Image via The Guardian

The Grapes of Wrath is another one of those American classics that I somehow avoided reading in high school. Getting to read all of these canonical tomes as an adult has, thus far, not proved to be a disappointment. The Grapes of Wrath is a remarkable timeless piece of work, relevant as ever in 2015. And the direct prose, seasoned with occasional King James Bible lyricism, reads as well as ever.

Not that readers need some guy on the internet to tell them that this book is good. But a less obvious suggestion than “I also think that this thing that everyone thinks is good, is good” that I highly recommend, especially for writers, is reading “Working Days: A Journal Of The Grapes Of Wrath”. This collection of journals that Steinbeck kept during the process of writing this novel centers around the daily log he kept, in which he made an entry every day he wrote. It also contains the journal entries he made during editing and the process of publication, as well as extensive endnotes and background information by scholar Robert DeMott. While the information text and later entries are interesting, the central “working days” journal is definitely the highlight. It’s fascinating to see just how much sheer work goes into the process of great writing -not magical inspiration, but a grinding amount of man-hours and forced effort. It does a great job of cutting through lots of the romantic bullshit that gets heaped on great creators.

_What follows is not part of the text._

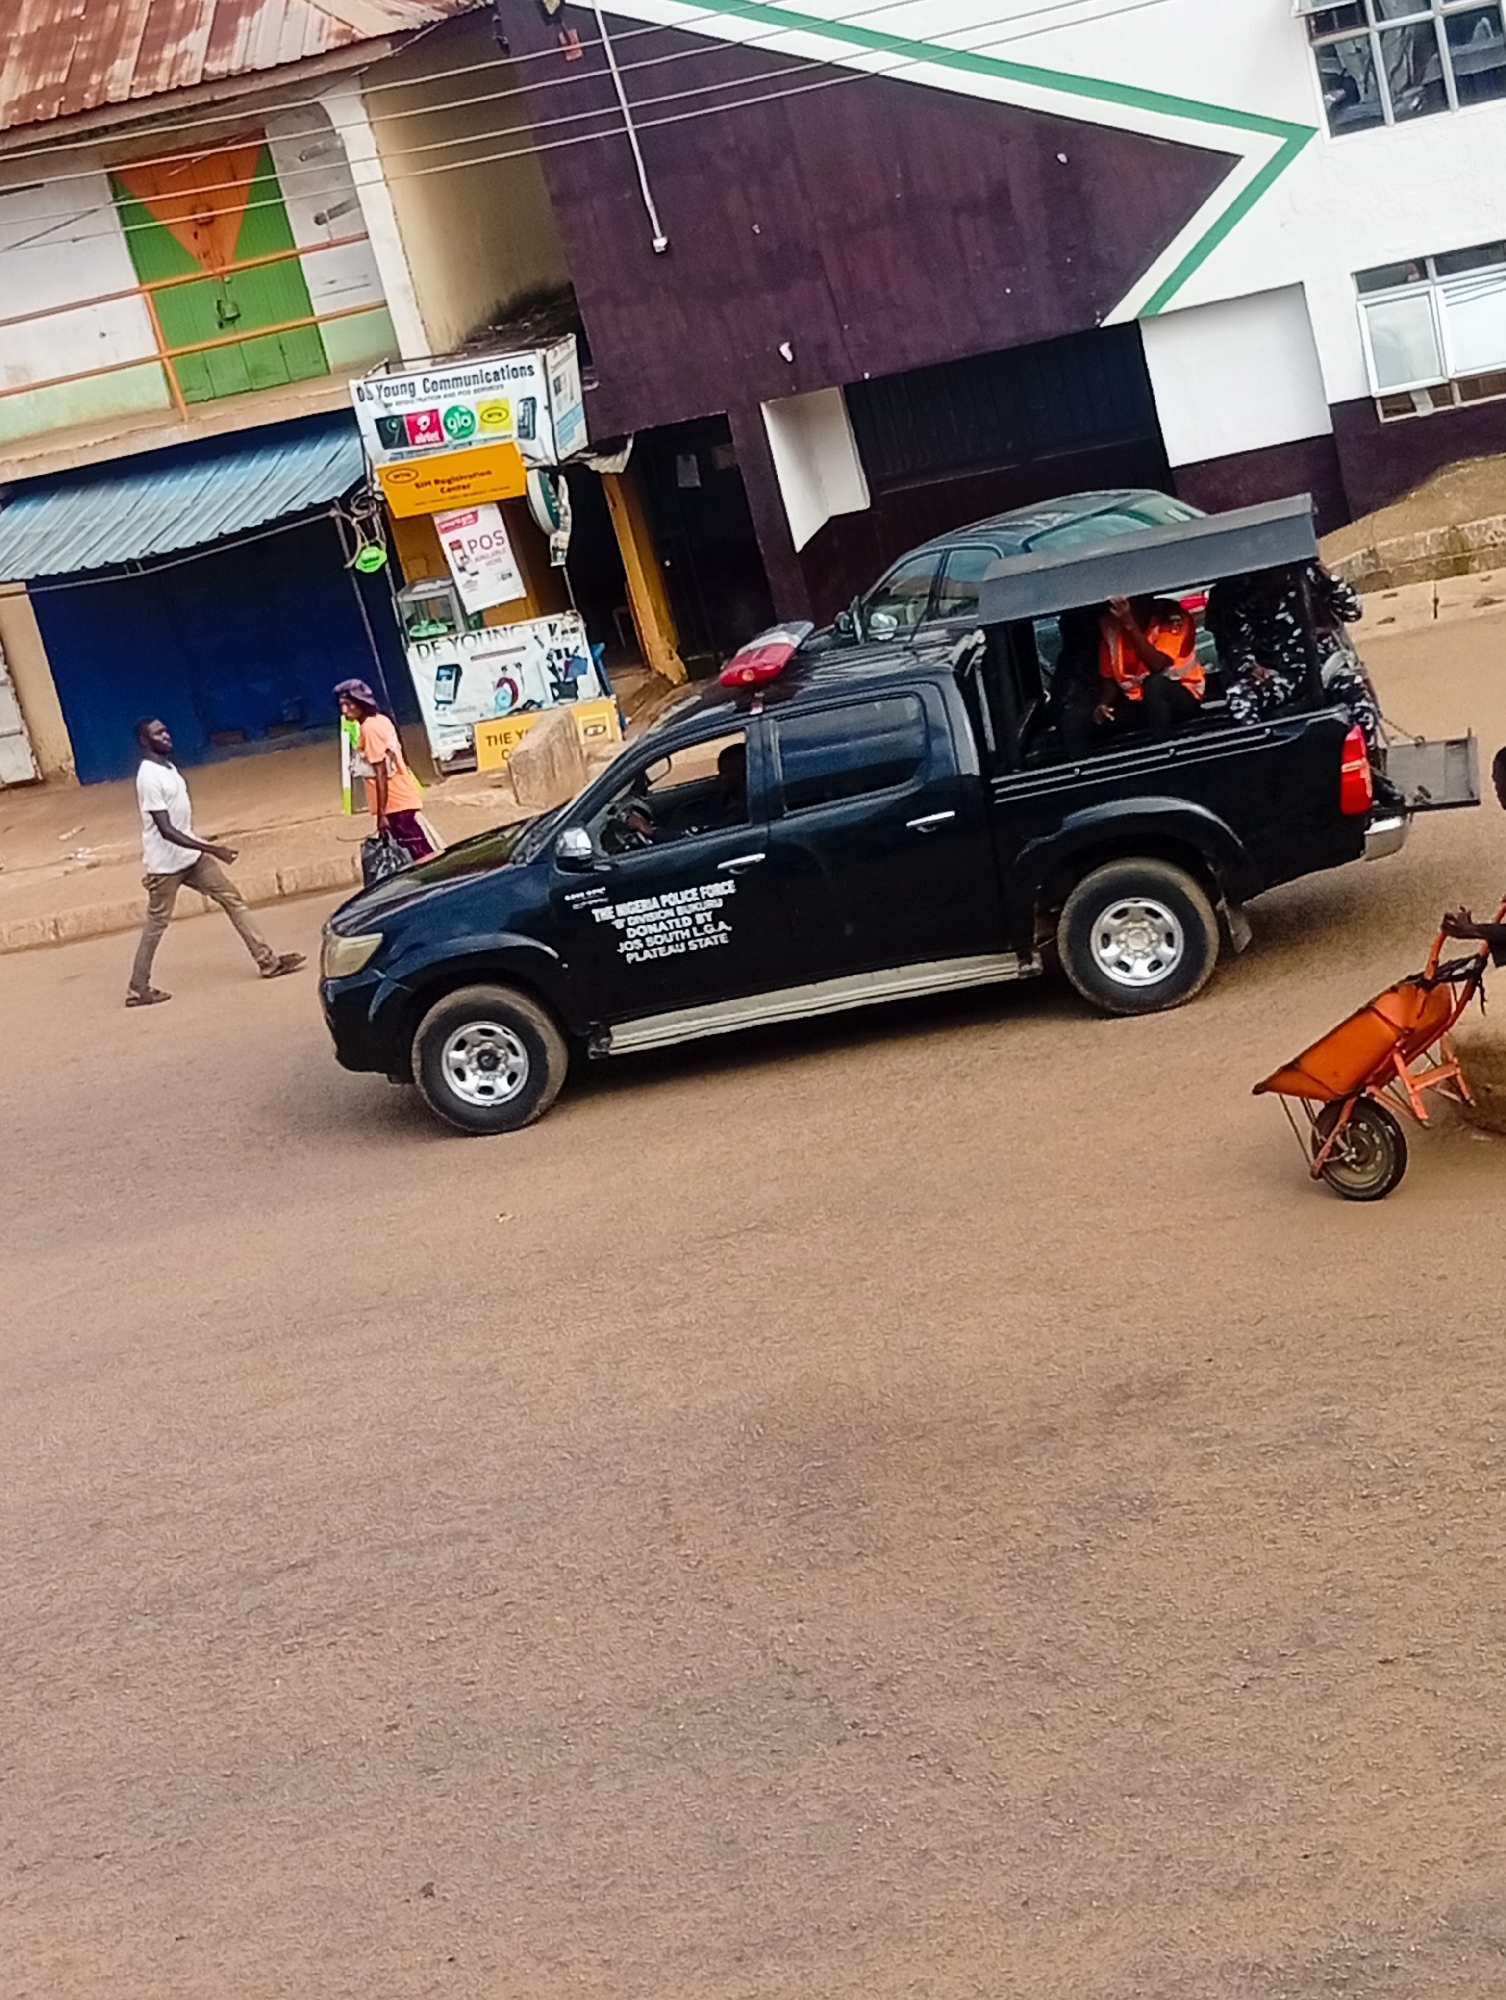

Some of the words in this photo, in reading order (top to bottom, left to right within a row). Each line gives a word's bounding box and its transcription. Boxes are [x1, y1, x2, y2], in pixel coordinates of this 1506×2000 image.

The process of creating good art is work. It’s also often full of brutalizing self-doubt, anxiety, and a fleeting certainty that you are actually no good, that you are a pretender, and that your big project is a crock of worthless shit and that anyone with a shred of perception will see the truth and call you out. And creation can veer into grandiosity, your unshakable self-important knowledge that this is a great work, a future masterpiece, something that will make everyone stop being evil and sit and feel and understand. Steinbeck, writing for himself as an act of creative discipline, shows every foible and every swing in the process of deep, involved writing. It’s good to know that you aren’t alone in your insanity.

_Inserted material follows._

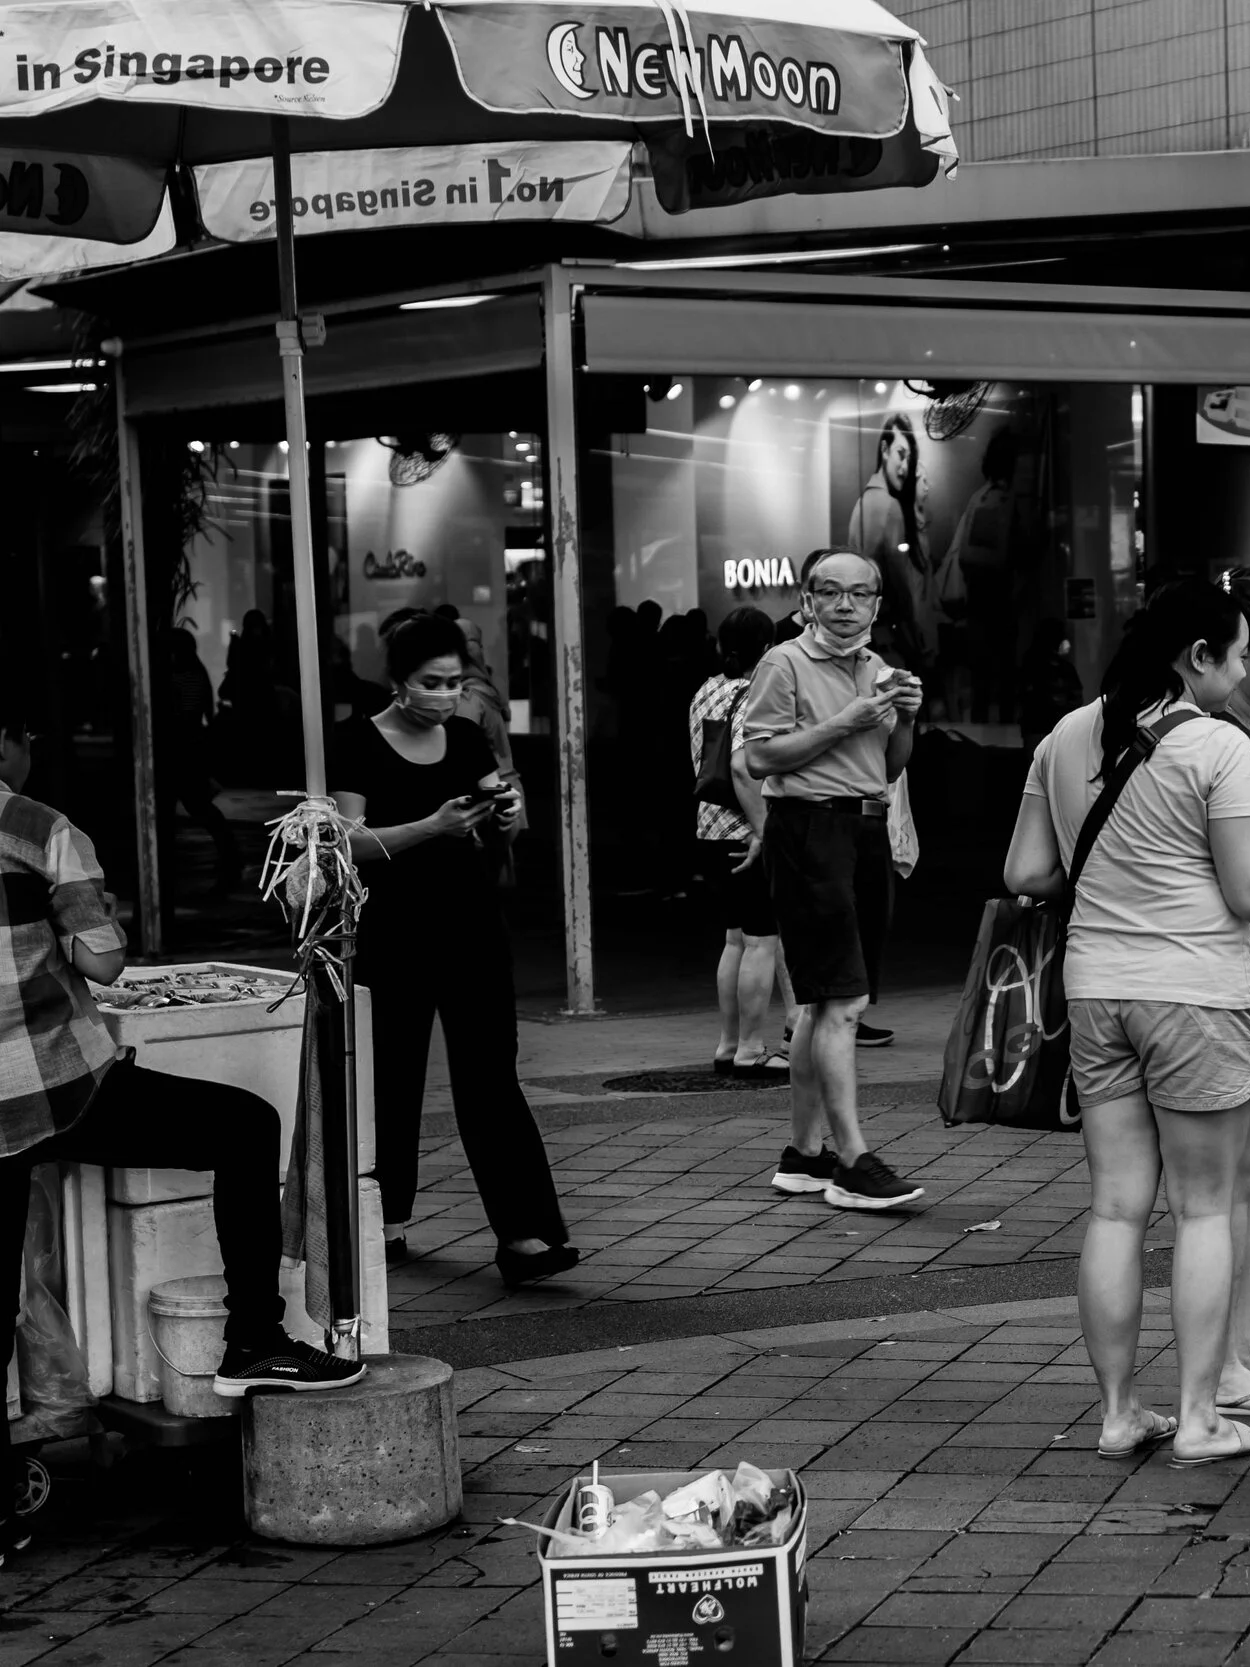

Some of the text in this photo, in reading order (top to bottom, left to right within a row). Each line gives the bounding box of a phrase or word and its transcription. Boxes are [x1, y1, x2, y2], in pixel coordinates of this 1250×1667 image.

[16, 45, 330, 91] in Singapore
[708, 34, 841, 115] Moon
[724, 557, 795, 588] BONIA
[656, 1575, 758, 1594] WOLFHEART

Recommendation: Read the canon, of course. And if you are any kind of creative laborer, read the journals, too. 

Steinbeck’s “Of Mice and Men”

Steinbeck’s prose has never been -for me, at least- so strong a thing as to recommend his writing to me in and of itself. Fortunately, the man is a compelling teller of stories. His characters are often marginalized, the victims of an institutionalized discrimination that leaves them to struggle heroically, but helplessly, against the forces of their doom. Because of the markedly higher stakes, I’ve always found myself drawn to the well-told stories of the disenfranchised. “Of Mice and Men” was published in 1937 -obviously a work that far predates literary favored sons like Denis Johnson and Raymond Carver. Perhaps Steinbeck is glanced over in more prestigious literary circles in this regard for the sin of being incredibly common on high school required reading lists?

Regardless, I loved reading this book. I had somehow missed out on it in high school myself (although I’m certain Young Sean would have loved it) but reading it now, as an adult with formal education in literature and a hell of a lot of damn good books behind me is an equally rewarding experience. I felt the same way about reading Moby-Dick for the first time last year. “Of Mice and Men” is not dependent upon the green-reading nature of an indentured teenaged audience -it’s a powerful and enduring work. Neither is it dependent on plot and surprise -I knew the events of the story before reading it and I felt my reading experience was improved for it (but I’m not really a “spoiler guy” so take that with a grain of salt if you tend to get personally invested in your clean mental pallette).

Recommendation: Read it. Read it again if it’s been a few years. It will be a short and enjoyable revisit.